The group had five founding members, four who were elected as Labour MPs and one as a Conservative. When parliament was dissolved for the 2019 general election, two remained, three having left to join the Liberal Democrats.

==History==
The group was formed on 10 July 2019 by five MPs, four of whom were among six MPs who left Change UK on 4 June. The four had been in Change UK since February 2019, having previously been members of the Labour Party (three of them) or the Conservative Party (one). (The others who left Change UK at that time, Chuka Umunna and Sarah Wollaston, joined the Liberal Democrats.) The fifth member of the new group, John Woodcock, had been suspended from Labour in 2018 over charges of sexual harassment and left the party while under investigation.

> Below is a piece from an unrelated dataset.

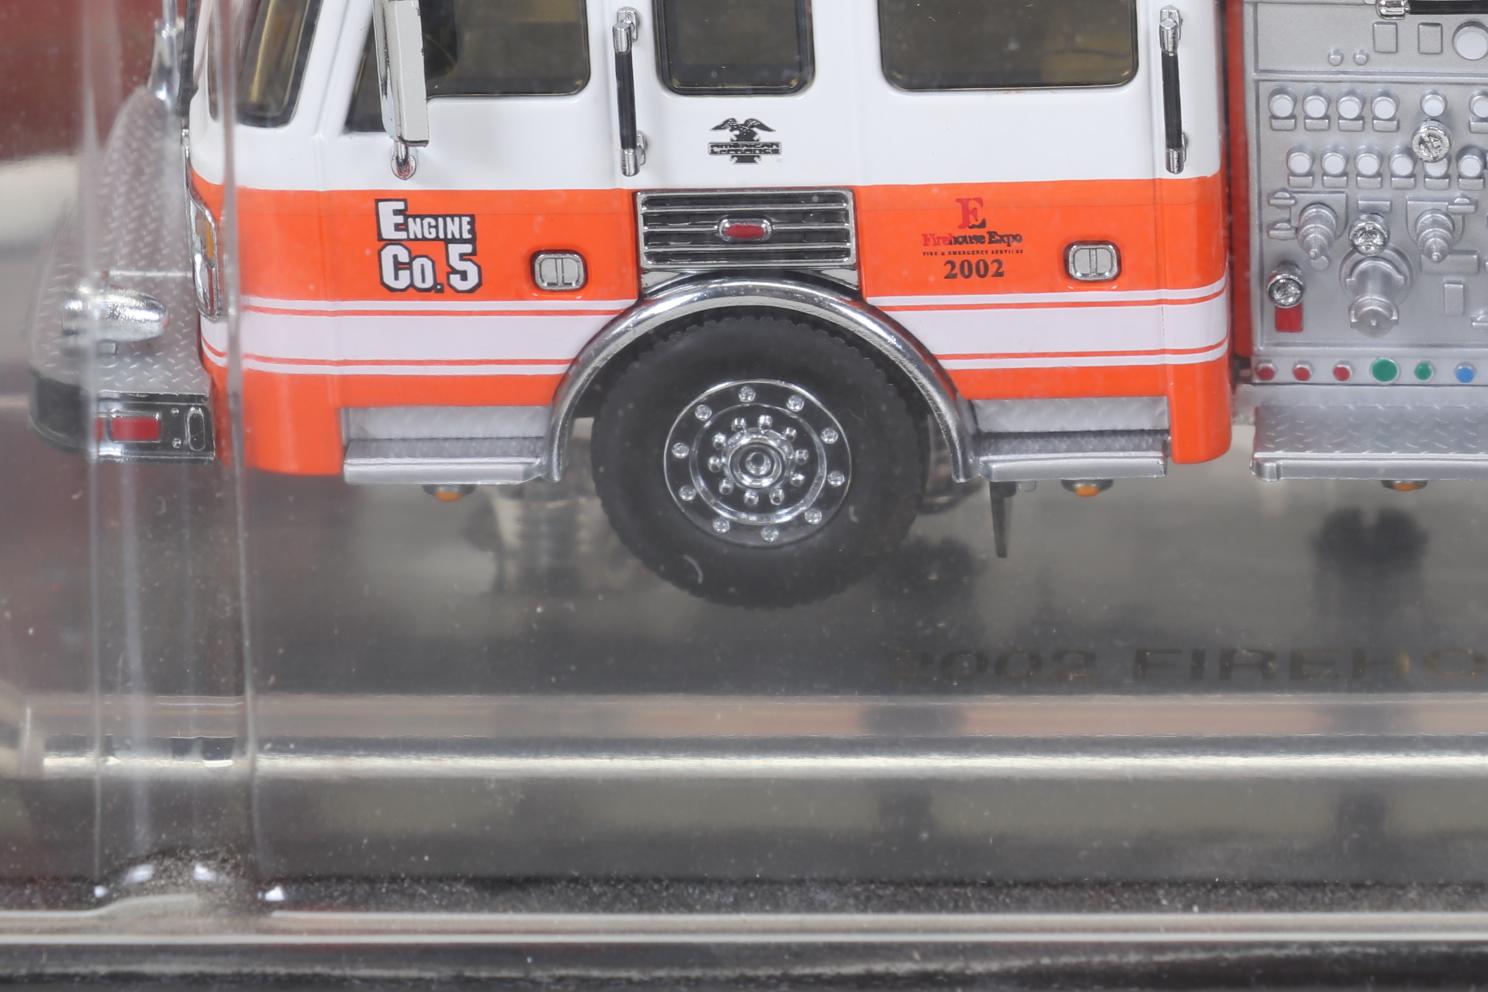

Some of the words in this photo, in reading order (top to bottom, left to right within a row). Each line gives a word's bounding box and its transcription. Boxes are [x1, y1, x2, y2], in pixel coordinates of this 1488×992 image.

He offered to have the charges investigated under the new group's procedures.

Following the formation of the group, member Heidi Allen said that it would not offer a policy platform; instead it would provide administrative functions and support to member MPs. She also stated that there was no intention for the group to become a political party.

Luciana Berger and Angela Smith left the group to join the Liberal Democrats in early September 2019, and Allen followed on 7 October 2019.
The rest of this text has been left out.